Bike the Congo Nile Trail: Rwanda
Stretching 141 miles along the glittering waters of Lake Kivu in Rwanda, the Congo Nile Trail is one of East Africa’s best biking route.
So named because the route traverses the divide that separates the Nile and Congo rivers, the trail takes five days to complete, winding through magnificent thick jungle, past perfectly pruned tea plantations and groups of cheering children, and along what is quite possibly one of the world’s most beautiful lakeside roads.
If cycling isn’t your thing, you can also hike the route in ten days.
Image by Xudong Zhai on Flickr (CC BY-NC-ND 2.0)
Take the Lunatic Express: Kenya
Dating back to the turn of the twentieth century, the “Lunatic Express” is the train line from Mombasa to Nairobi (and, once upon a time, on to Uganda). During its construction, a pair of male lions gruesomely killed a number of workers, and it was this, along with the astronomic cost of building the line, that earned its name.
Nowadays, taking this overnight sleeper train feels like hopping back to the early 1900s: waiters with grubby white gloves serve meals in the dining car and beds are made up for your rickety evening’s sleep.
During the daylight, there’s nothing to do but sit back as you wind through Kenya’s spectacular countryside, spotting impala, giraffe and elephants out of the window along the way.
Image by fabian Pic´s on Flickr (CC BY-NC 2.0)
This legendary overland tour of Africa takes travellers past the pyramids of Egypt, into the cliff-side churches of Ethiopia and through some of the greatest wildlife regions in East Africa.
After you’ve had your safari fix, the journey continues on to the majestic torrents of Victoria Falls, over the sandy dunes of Namibia and finishes up by the icy Atlantic waters of South Africa’s most beautiful city: Cape Town.
Most adventurers take at least two months to complete this epic trip, and hire a robust 4x4 for the experience.
Image © Lottie Gross
The Otter Trail is South Africa’s oldest hiking route, which stretches 42km along the almighty Eastern Cape coastline in Tsitsikamma National Park.
The hike takes five days to complete, passing gushing waterfalls, gnarled rock formations, reflective pools, bubbling streams and through rich forest teeming with hundreds of birds and insects.

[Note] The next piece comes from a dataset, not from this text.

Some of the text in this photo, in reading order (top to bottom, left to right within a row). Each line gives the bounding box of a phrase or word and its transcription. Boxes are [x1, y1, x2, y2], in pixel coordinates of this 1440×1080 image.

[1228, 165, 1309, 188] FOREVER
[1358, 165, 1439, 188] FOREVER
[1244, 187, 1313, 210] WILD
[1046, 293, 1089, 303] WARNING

Perhaps most breathtaking sights, however, are the panoramic views of the coastline along the way, and the regular glimpses of dolphins and whales cutting though the waters.
Trek the Sahara by camel: Morocco
For a true Arabian Nights adventure, trek to the towering Erg Chebi dunes in southern Morocco. An eight-hour drive from Marrakesh, through the winding roads of the Atlas Mountains, these burnt-orange dunes are the tallest in the country, reaching 50m from the desert floor.

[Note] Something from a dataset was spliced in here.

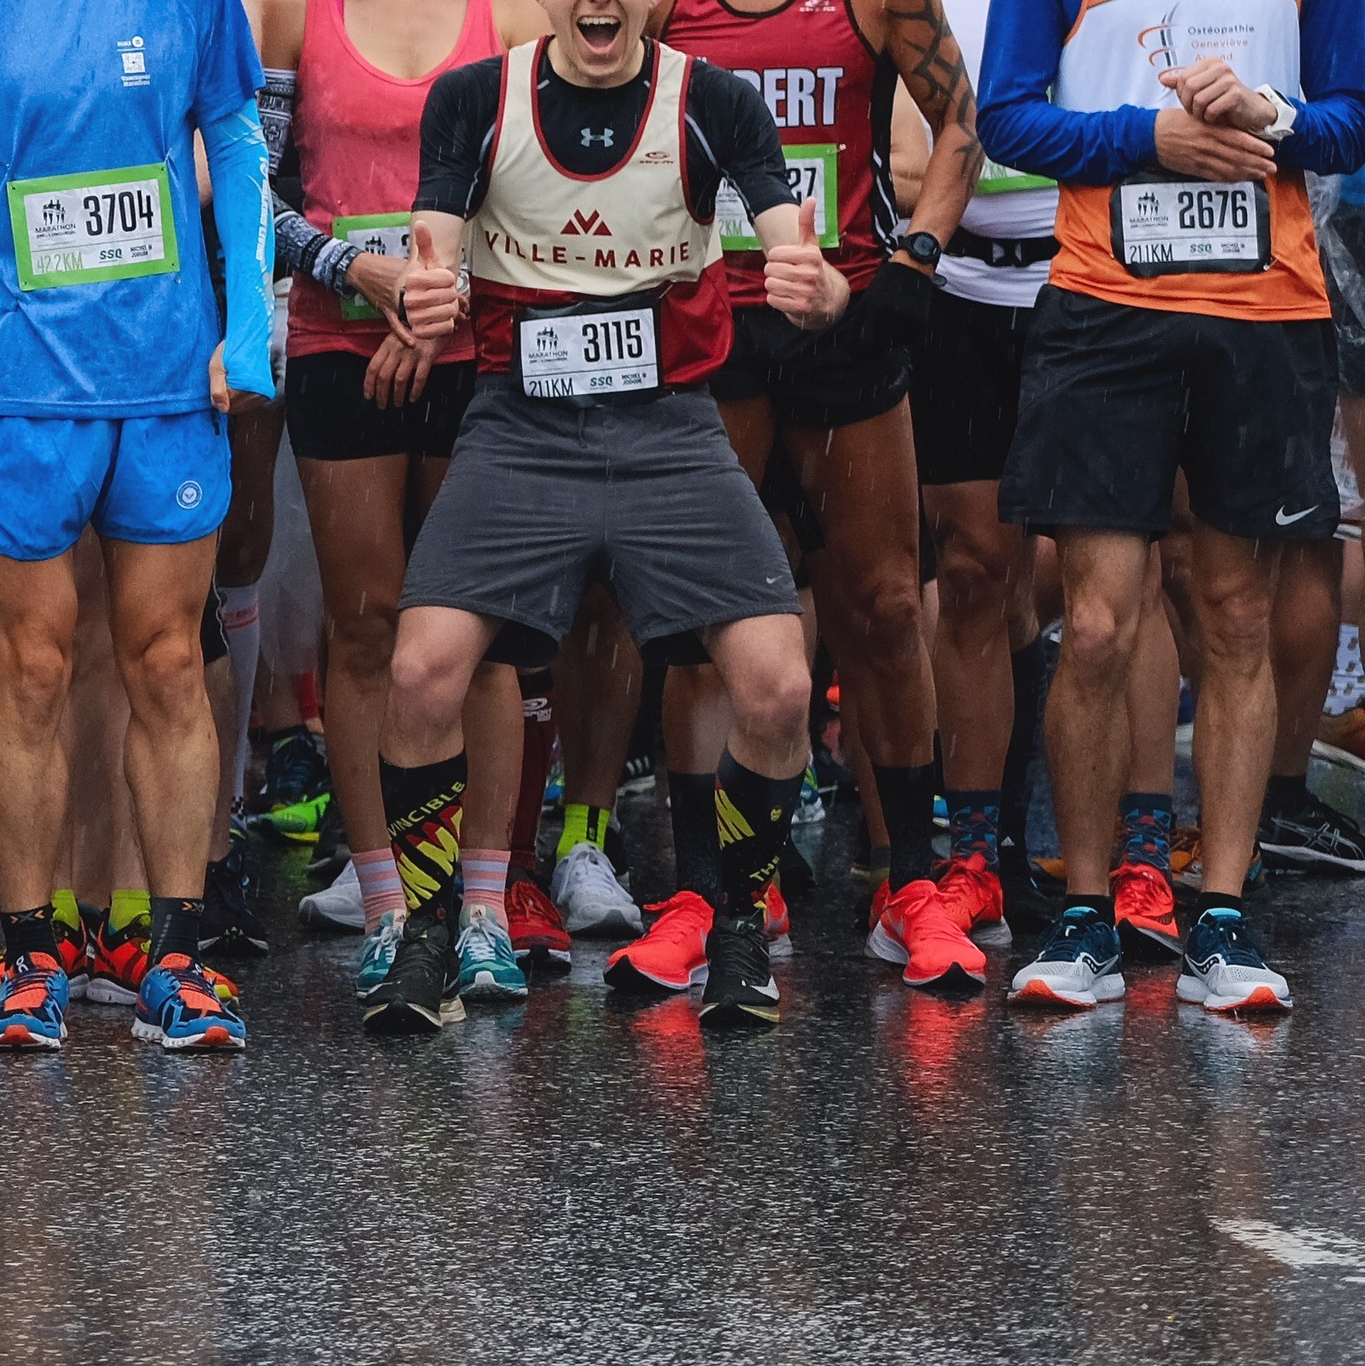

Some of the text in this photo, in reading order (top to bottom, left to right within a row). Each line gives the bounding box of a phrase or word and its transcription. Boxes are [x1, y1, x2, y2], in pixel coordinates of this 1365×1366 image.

[83, 189, 154, 236] 3704
[1177, 190, 1249, 230] 2676
[581, 318, 643, 363] 3115

Here, travellers journey across the searing sands on their hump-backed friends, watching long camel-shaped shadows stretch across the landscape as the sun begins to set.
It’s possible to stay overnight, camping out under the glistening stars with only the sound is the of the wind scattering tiny particles of sand. As with any animal-based tourism, be sure to pick a reputable operator with the highest animal care standards.
Canoe the Lower Zambezi: Zambia
If you can overcome the fear-factor of being up close and personal with the wild world’s biggest predators, a canoe safari down the Lower Zambezi River is truly the way to travel.
After all, why sit in a bumpy safari jeep when you lazily float down a river in the middle of a national park as hippos treading water around you, crocodiles rest at the water’s edge and buffalo, zebra and elephants graze on the banks?
Each journey lasts three to five days, and travellers can either stay in the many bush camps along the way, or carry their own gear and camp on islands on the river: falling asleep to the mesmerising calls of the wild.
Image by Johnny Peacock on Flickr (CC BY-NC-ND 2.0)
Sail down the Nile: Egypt
A trip down one of the world’s longest, and perhaps most famous rivers, the Nile, is a must for any adventurer in Africa.
There are a number of transport options for this coveted expedition, from taking a traditional wooden sailing boat known as a felucca, to gliding along in an ornate houseboat called a dahabiya. Journeys start in Aswan in southern Egypt, stopping at ancient temples, tombs and quaint fishing villages along the way, before reaching the ancient city of Esna.